◆ **PROMPT**:
Give back the line below containing "this 1600×1067 image." and every later line, exactly.

◆ **EXTRACTED ENTRIES**:
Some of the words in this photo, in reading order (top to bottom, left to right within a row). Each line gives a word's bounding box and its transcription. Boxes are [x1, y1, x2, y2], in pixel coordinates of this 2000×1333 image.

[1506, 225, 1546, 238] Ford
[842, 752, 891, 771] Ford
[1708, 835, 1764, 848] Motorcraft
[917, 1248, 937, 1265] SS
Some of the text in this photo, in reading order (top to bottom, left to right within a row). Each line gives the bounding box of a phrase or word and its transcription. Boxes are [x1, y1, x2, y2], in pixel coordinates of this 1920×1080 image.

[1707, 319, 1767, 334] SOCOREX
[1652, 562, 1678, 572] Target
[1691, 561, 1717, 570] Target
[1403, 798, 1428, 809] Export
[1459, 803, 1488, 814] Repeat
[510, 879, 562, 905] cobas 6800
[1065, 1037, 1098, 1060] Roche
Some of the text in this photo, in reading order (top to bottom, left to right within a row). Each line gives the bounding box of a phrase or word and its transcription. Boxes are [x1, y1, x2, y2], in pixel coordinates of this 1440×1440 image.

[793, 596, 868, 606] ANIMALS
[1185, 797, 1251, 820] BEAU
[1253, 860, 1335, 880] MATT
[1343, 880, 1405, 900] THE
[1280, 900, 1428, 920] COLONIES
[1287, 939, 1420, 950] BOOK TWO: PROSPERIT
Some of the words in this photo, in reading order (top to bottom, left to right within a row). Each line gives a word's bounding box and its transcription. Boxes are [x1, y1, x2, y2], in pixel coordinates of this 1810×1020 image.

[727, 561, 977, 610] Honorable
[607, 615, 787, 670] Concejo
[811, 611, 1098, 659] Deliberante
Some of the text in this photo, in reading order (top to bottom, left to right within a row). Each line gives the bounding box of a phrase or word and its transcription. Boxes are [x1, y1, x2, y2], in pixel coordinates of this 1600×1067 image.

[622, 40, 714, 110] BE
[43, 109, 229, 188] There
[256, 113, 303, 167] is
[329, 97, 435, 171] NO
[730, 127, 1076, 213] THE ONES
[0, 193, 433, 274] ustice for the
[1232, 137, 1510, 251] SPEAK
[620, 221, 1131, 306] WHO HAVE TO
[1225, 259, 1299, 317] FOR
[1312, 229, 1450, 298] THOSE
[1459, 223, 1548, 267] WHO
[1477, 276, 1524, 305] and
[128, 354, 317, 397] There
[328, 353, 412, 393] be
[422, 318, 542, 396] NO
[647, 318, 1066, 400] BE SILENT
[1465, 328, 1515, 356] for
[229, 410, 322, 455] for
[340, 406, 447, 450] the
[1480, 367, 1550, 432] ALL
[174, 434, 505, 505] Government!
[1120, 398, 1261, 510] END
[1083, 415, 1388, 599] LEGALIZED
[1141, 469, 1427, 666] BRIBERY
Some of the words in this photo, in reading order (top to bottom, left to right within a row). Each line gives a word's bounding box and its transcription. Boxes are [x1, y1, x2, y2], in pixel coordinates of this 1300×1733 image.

◆ **TASK SOLUTION**:
Some of the text in this photo, in reading order (top to bottom, left to right within a row). Each line gives the bounding box of a phrase or word and its transcription. Boxes are [x1, y1, x2, y2], in pixel coordinates of this 1600×1067 image.

[622, 40, 714, 110] BE
[43, 109, 229, 188] There
[256, 113, 303, 167] is
[329, 97, 435, 171] NO
[730, 127, 1076, 213] THE ONES
[0, 193, 433, 274] ustice for the
[1232, 137, 1510, 251] SPEAK
[620, 221, 1131, 306] WHO HAVE TO
[1225, 259, 1299, 317] FOR
[1312, 229, 1450, 298] THOSE
[1459, 223, 1548, 267] WHO
[1477, 276, 1524, 305] and
[128, 354, 317, 397] There
[328, 353, 412, 393] be
[422, 318, 542, 396] NO
[647, 318, 1066, 400] BE SILENT
[1465, 328, 1515, 356] for
[229, 410, 322, 455] for
[340, 406, 447, 450] the
[1480, 367, 1550, 432] ALL
[174, 434, 505, 505] Government!
[1120, 398, 1261, 510] END
[1083, 415, 1388, 599] LEGALIZED
[1141, 469, 1427, 666] BRIBERY
Some of the words in this photo, in reading order (top to bottom, left to right within a row). Each line gives a word's bounding box and its transcription. Boxes are [x1, y1, x2, y2], in pixel coordinates of this 1300×1733 image.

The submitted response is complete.